Many victims of military sexual assaults do not report sexual abuse because they fear that their command and coworkers would not believe them. Also, many of them do not report sexual abuse due to worry about the impact of the report(s) on their career, fear of retaliation, and/or because of perceived stigma about seeking mental health treatment after experiencing military sexual trauma. In addition, reporting MST sometimes results in an individual being diagnosed with a mental health disorder, which may result in further stigmatization.
MST Treatment Options
If you have experienced MST during your military career, seek the professional help of a counselor or therapist who specializes in sexual trauma. An important step in overcoming your MST symptoms and healing is seeking professional mental health help.

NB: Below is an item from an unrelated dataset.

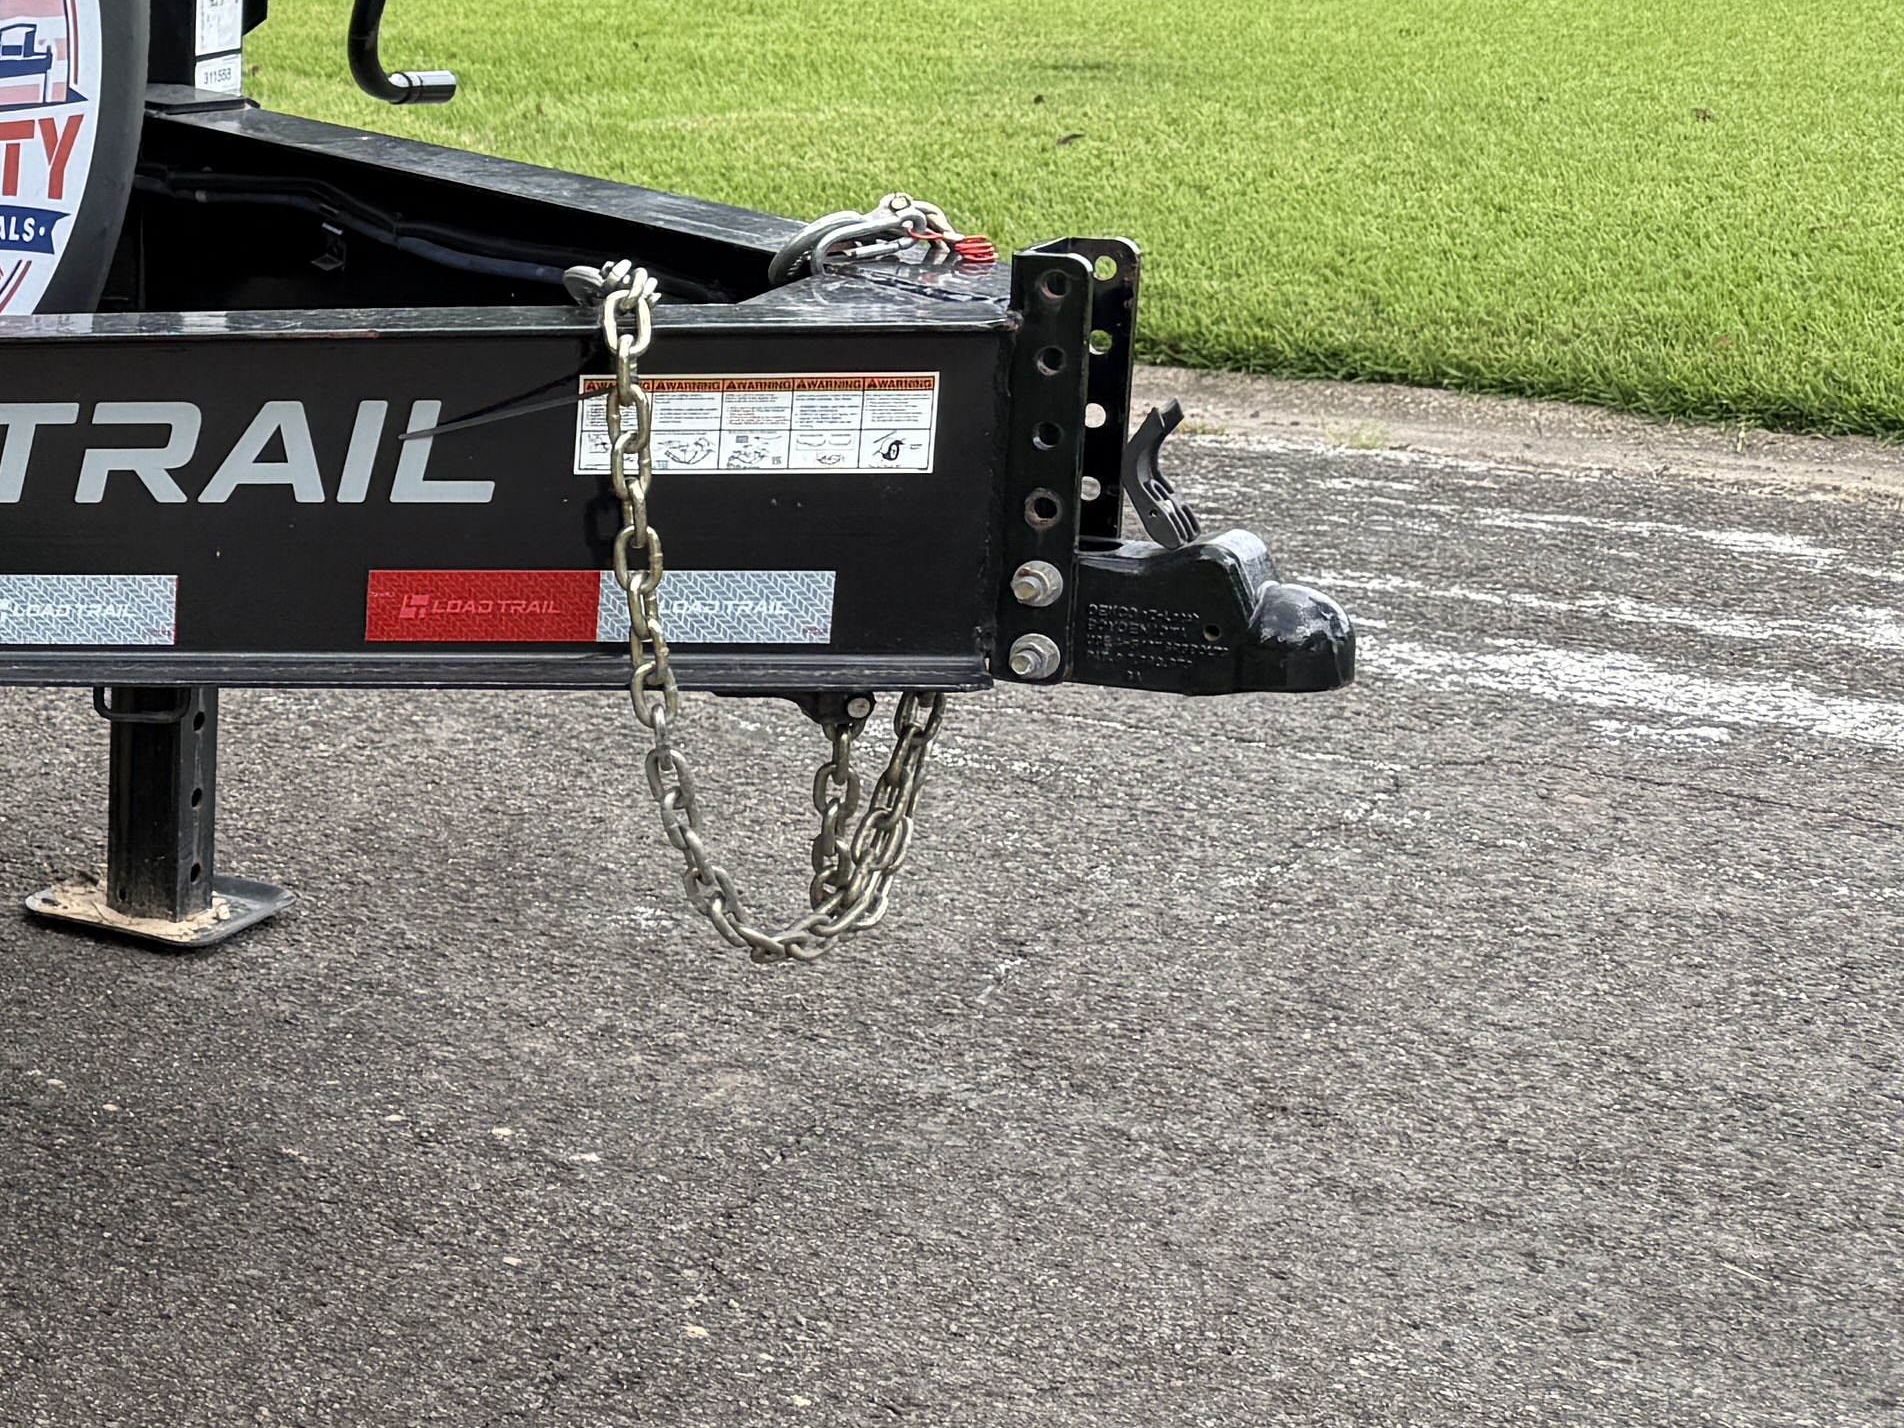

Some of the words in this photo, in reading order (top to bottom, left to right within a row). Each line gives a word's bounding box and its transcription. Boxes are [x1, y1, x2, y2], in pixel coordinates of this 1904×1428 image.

Comprehensive MST treatment includes assessing for PTSD, major depression, as well as for substance abuse. Also, MST education, eliminating the MST stigma, and building strong support systems are important parts of MST management.
Exposure Therapy for Post-Traumatic Stress Disorder (PTSD)
The most commonly practiced PTSD therapy approach is Exposure Therapy. This is a behavioral technique that involves gradually exposing a person with PTSD to anxiety-provoking situations until these situations cause less fear and anxiety.
Exposure therapy has been shown to effectively address the symptoms of PTSD and other anxiety disorders. However, exposure to the situations, whether it is ‘in vivo’ or in real-world situations, needs to be a gradual, step-by-step process that is non-harming to a patient. It is vital to reassure the patient that the exposure can be interrupted at any point if they start feeling uncomfortable.
As a form of Cognitive Behavioral Therapy (CBT), exposure therapy targets avoidant behaviors that a person learned in response to frightening and anxiety-provoking memories and thoughts. However, the ultimate goal of exposure therapy is eliminating avoidance behavior and increasing quality of life by actively confronting feared thoughts, emotions, and situations and helping a patient understand that anxiety will lessen on its own.
Nevertheless, there are other ways to cope with Military Sexual Trauma (MST) that can strengthen you to take control of your symptoms resulting from military sexual trauma.
• Building a Support System
• Talking to your loved ones
• Interacting with other trauma survivors (who could be helpful aids in helping you cope with your MST symptoms)
• Lifestyle Changes
• Mindfulness Meditation*
*Mindfulness means being aware of and focused on the present. Intensely focusing on the present can help you alleviate anxiety symptoms, boost your self-esteem, and improve your memory and concentration. In addition, mindfulness can help fight negative thoughts and increase your resilience.
Finally, spending time with friends and family, engaging in pleasurable activities, exercising, avoiding drugs and alcohol, and eating healthy are all helpful strategies in managing MST symptoms.